Text-to-region grounding data ::
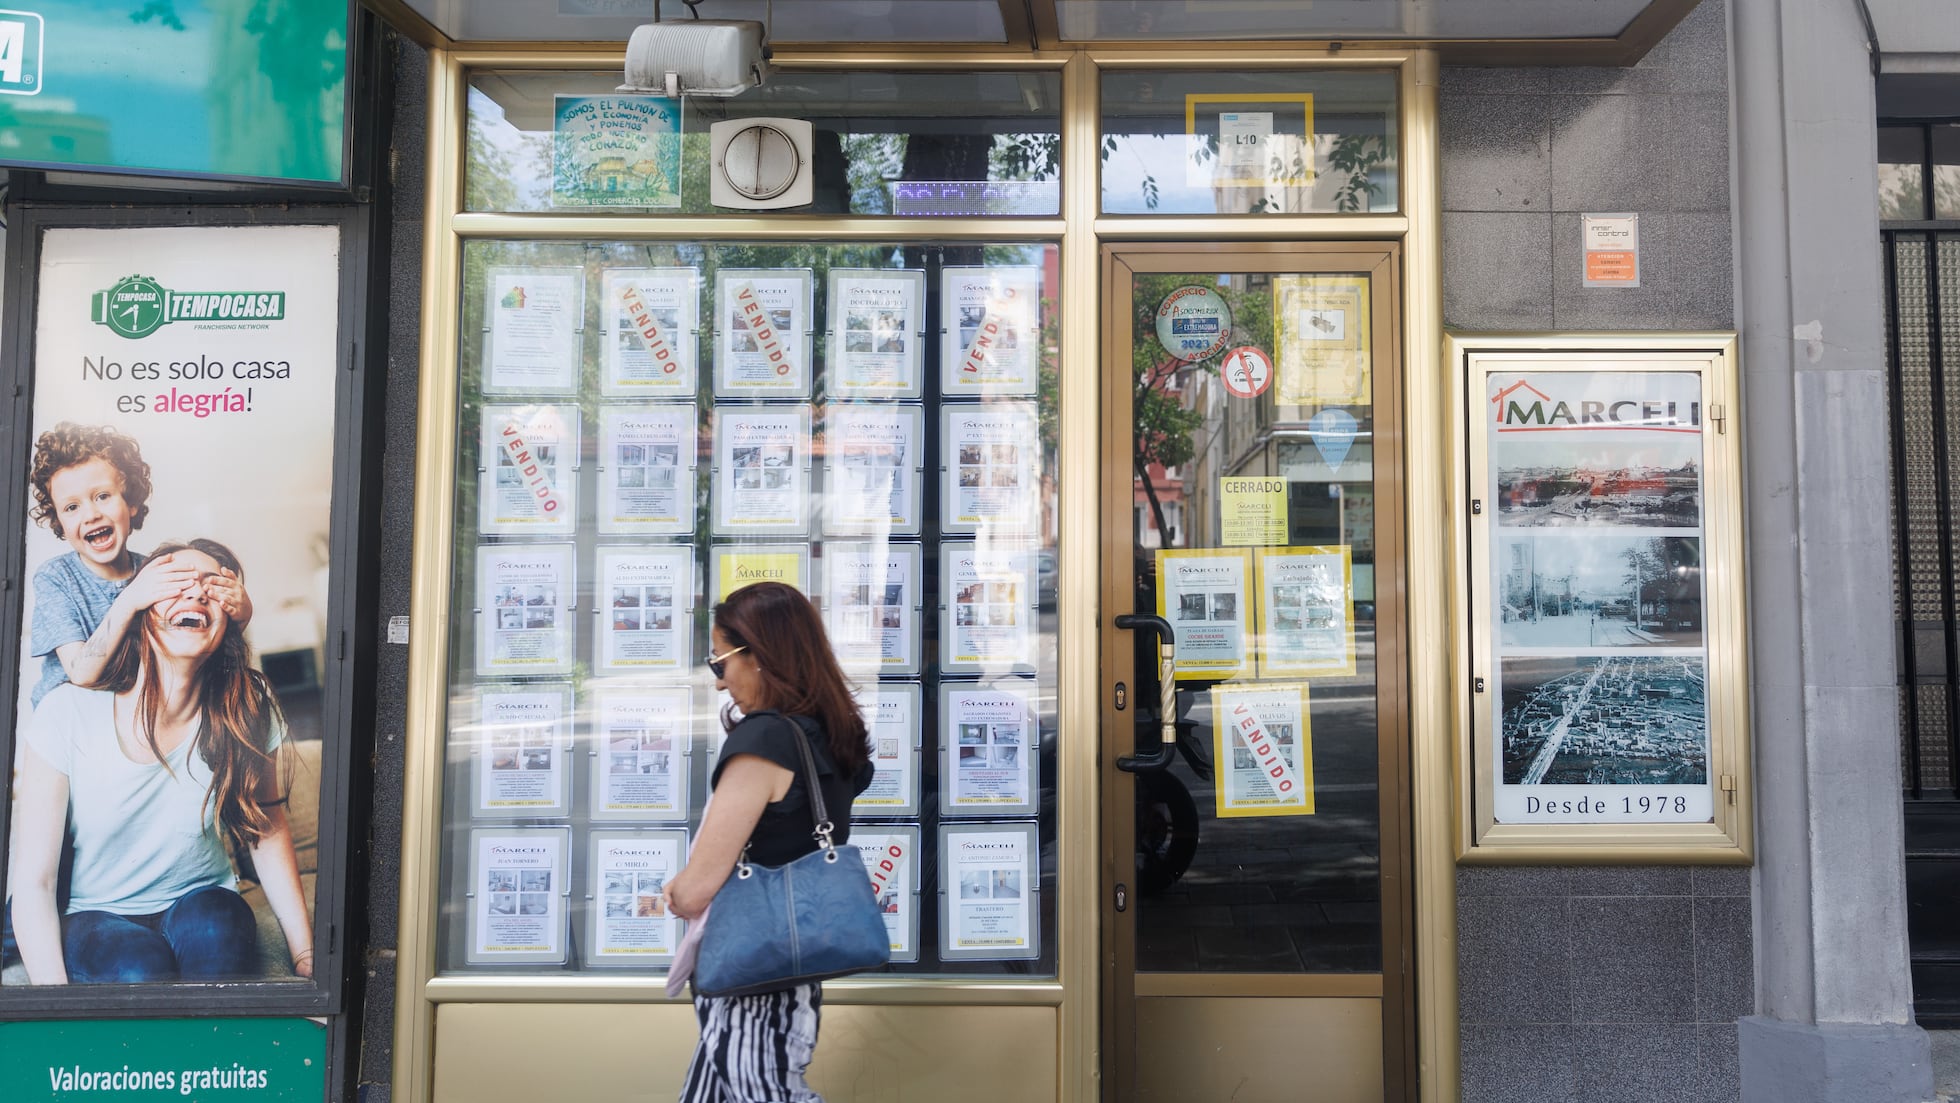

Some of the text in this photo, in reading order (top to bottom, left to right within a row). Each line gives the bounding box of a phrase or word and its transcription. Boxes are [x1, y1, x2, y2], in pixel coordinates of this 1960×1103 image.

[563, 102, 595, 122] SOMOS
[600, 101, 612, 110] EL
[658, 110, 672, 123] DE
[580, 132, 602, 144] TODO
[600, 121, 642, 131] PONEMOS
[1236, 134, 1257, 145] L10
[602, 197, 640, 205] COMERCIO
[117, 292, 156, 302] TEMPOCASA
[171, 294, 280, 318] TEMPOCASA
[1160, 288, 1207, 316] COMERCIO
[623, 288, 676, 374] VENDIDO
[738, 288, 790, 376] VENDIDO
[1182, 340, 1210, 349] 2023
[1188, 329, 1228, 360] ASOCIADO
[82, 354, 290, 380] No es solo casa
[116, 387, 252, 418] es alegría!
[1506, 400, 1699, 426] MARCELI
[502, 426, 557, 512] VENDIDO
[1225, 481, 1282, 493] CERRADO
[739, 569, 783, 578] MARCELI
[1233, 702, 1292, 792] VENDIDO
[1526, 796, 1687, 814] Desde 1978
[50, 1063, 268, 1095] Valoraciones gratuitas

Assignment :: All records above are to be repeated exactly, with the images left out.

Answer space ::
Some of the text in this photo, in reading order (top to bottom, left to right within a row). Each line gives the bounding box of a phrase or word and its transcription. Boxes are [x1, y1, x2, y2], in pixel coordinates of this 1960×1103 image.

[563, 102, 595, 122] SOMOS
[600, 101, 612, 110] EL
[658, 110, 672, 123] DE
[580, 132, 602, 144] TODO
[600, 121, 642, 131] PONEMOS
[1236, 134, 1257, 145] L10
[602, 197, 640, 205] COMERCIO
[117, 292, 156, 302] TEMPOCASA
[171, 294, 280, 318] TEMPOCASA
[1160, 288, 1207, 316] COMERCIO
[623, 288, 676, 374] VENDIDO
[738, 288, 790, 376] VENDIDO
[1182, 340, 1210, 349] 2023
[1188, 329, 1228, 360] ASOCIADO
[82, 354, 290, 380] No es solo casa
[116, 387, 252, 418] es alegría!
[1506, 400, 1699, 426] MARCELI
[502, 426, 557, 512] VENDIDO
[1225, 481, 1282, 493] CERRADO
[739, 569, 783, 578] MARCELI
[1233, 702, 1292, 792] VENDIDO
[1526, 796, 1687, 814] Desde 1978
[50, 1063, 268, 1095] Valoraciones gratuitas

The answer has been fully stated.